Charles, Maxine y sus tres hijos volaron de Nueva York directamente a Niza. Cuando salieron de la casa, Jimmy seguía berreando.

Fue un vuelo agradable. Tres miembros de la tripulación de Blake y el capitán les esperaban en el aeropuerto de Niza y los llevaron al barco en dos coches. Charles no esperaba nada en concreto, pero le sorprendieron un poco los uniformes almidonados y la profesionalidad de la tripulación. Evidentemente no se trataba de un barco cualquiera. Blake Williams no era un hombre cualquiera. El barco se llamaba Dulces sueños. Maxine no se lo contó a Charles, pero Blake había hecho construir el barco para ella. Realmente ella era un sueño muy dulce. Se trataba de un velero de sesenta metros de eslora; Charles no había visto ninguno así en su vida. La tripulación estaba formada por dieciocho personas, y los camarotes eran más bonitos que las habitaciones de la mayoría de las casas u hoteles. Una fortuna en obras de arte colgaba de las paredes de madera bruñida. Los niños lo pasaban siempre en grande en el velero. Corrían por todas partes como si fuera su segunda casa, y en cierto modo lo era.

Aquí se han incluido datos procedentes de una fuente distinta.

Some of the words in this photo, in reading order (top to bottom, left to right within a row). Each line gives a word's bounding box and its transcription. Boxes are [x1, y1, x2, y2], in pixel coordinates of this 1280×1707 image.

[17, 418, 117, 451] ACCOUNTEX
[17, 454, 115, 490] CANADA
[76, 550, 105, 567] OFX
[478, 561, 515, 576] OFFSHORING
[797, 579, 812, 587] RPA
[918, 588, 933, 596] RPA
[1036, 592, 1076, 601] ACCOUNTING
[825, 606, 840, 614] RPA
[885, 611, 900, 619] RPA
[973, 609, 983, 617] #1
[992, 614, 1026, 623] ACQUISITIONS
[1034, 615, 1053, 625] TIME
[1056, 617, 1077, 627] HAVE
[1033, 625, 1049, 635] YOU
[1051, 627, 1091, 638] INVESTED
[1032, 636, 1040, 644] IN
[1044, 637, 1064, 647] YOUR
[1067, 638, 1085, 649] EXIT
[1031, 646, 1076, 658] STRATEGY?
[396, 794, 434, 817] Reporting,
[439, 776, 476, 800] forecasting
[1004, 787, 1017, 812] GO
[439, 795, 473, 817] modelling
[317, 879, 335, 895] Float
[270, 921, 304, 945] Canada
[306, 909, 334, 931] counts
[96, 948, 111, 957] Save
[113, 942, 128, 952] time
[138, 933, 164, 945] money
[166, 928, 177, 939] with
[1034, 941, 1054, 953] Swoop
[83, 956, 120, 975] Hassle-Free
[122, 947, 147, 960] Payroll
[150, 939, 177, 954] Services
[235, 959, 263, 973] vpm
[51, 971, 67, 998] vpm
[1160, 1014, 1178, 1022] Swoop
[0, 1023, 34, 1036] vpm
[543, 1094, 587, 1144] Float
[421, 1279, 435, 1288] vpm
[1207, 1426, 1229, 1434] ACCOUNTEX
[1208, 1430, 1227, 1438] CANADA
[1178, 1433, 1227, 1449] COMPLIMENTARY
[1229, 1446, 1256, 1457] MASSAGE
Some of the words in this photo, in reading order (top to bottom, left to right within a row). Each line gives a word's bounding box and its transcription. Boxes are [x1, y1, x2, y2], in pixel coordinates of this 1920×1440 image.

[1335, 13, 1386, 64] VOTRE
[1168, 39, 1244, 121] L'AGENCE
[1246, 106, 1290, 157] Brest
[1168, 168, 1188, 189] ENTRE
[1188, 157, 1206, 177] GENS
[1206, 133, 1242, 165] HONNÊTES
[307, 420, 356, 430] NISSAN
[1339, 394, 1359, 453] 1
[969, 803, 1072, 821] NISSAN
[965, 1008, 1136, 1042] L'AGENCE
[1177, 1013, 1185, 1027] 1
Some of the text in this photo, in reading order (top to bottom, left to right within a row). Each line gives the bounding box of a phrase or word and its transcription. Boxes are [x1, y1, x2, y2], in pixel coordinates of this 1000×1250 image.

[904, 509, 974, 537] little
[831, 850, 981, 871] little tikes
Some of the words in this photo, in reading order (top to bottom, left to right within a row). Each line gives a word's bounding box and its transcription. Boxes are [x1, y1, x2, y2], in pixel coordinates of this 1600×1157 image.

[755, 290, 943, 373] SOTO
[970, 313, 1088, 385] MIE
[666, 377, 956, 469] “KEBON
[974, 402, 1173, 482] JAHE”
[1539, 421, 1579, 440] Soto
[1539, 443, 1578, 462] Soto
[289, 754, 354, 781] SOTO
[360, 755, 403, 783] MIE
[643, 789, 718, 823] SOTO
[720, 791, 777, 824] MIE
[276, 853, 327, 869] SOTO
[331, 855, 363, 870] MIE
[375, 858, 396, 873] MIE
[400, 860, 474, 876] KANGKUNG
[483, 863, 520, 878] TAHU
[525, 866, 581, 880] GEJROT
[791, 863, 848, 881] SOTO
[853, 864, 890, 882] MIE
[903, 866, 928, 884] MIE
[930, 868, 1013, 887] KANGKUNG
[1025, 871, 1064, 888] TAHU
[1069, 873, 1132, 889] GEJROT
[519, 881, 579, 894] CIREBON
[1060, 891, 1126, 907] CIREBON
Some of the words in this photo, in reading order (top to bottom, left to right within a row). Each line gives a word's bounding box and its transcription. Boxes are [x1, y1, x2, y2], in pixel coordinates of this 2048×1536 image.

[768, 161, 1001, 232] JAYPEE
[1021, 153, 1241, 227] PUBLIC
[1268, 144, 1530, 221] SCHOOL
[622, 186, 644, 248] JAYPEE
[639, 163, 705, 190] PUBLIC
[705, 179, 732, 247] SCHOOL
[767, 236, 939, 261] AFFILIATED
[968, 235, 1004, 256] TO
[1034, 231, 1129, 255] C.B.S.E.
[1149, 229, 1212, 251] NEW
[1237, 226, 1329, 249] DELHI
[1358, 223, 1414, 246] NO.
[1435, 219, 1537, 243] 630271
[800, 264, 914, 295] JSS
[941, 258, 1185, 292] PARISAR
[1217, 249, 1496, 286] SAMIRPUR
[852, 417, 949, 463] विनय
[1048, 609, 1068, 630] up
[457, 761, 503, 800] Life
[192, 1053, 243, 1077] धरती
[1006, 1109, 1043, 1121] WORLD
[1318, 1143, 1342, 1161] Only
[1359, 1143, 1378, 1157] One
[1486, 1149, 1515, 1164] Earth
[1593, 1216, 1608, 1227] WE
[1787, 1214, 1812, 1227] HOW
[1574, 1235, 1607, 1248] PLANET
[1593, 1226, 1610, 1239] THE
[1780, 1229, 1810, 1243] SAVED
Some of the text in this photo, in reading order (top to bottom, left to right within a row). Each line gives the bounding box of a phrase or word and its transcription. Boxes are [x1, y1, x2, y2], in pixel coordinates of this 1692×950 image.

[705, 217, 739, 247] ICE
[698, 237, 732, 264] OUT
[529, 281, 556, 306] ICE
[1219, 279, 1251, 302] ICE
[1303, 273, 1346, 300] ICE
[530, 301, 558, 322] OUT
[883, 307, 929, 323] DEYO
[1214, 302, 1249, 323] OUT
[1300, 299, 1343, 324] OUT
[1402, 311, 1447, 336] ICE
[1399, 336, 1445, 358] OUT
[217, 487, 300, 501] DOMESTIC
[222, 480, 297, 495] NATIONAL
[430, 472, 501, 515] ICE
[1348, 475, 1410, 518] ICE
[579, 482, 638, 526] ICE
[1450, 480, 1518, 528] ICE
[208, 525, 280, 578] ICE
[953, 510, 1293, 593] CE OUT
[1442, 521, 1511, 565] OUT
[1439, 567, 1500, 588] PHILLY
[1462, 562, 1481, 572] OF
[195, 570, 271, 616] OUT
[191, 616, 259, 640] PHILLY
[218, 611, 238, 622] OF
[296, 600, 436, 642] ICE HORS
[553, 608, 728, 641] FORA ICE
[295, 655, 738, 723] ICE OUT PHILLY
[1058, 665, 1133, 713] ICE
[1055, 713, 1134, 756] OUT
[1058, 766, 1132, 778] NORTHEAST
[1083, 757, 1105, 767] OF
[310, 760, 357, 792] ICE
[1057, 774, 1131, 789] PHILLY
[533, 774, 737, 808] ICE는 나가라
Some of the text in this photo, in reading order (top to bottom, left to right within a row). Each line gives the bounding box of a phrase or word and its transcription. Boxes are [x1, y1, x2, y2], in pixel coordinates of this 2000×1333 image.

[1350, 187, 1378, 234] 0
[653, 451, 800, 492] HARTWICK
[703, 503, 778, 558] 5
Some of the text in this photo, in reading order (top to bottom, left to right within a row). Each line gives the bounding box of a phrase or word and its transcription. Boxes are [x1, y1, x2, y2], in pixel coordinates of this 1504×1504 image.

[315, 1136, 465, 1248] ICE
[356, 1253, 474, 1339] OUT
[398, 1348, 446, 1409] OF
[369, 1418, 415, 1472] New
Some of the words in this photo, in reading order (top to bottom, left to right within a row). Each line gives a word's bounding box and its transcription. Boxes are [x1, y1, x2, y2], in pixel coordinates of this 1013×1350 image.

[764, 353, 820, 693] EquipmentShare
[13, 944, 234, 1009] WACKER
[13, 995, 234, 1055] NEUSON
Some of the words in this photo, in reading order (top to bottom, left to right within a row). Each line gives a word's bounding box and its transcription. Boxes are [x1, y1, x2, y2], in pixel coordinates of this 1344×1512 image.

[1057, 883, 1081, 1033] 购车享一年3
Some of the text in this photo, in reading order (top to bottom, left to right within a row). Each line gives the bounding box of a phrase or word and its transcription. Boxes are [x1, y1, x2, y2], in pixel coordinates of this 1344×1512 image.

Saludaron encantados a todos los miembros de la tripulación, que también se alegraron de volver a verlos. Esas personas se dedicaban exclusivamente a satisfacer todas las necesidades imaginables y a mimarlos de todas las formas posibles. Ninguna petición se desatendía por pequeña o insignificante que pudiera parecer. Era la única época del año en que Maxine se sentía colmada de atenciones y podía relajarse por completo. La tripulación cuidaba de los niños y planificaba los entretenimientos cada vez que se detenían. Había fuerabordas, veleros en miniatura, lanchas y balsas e incluso un helipuerto para las visitas de Blake. Además, disponían de un cine de verdad para distraerse por la noche, de un gimnasio totalmente equipado y de un masajista.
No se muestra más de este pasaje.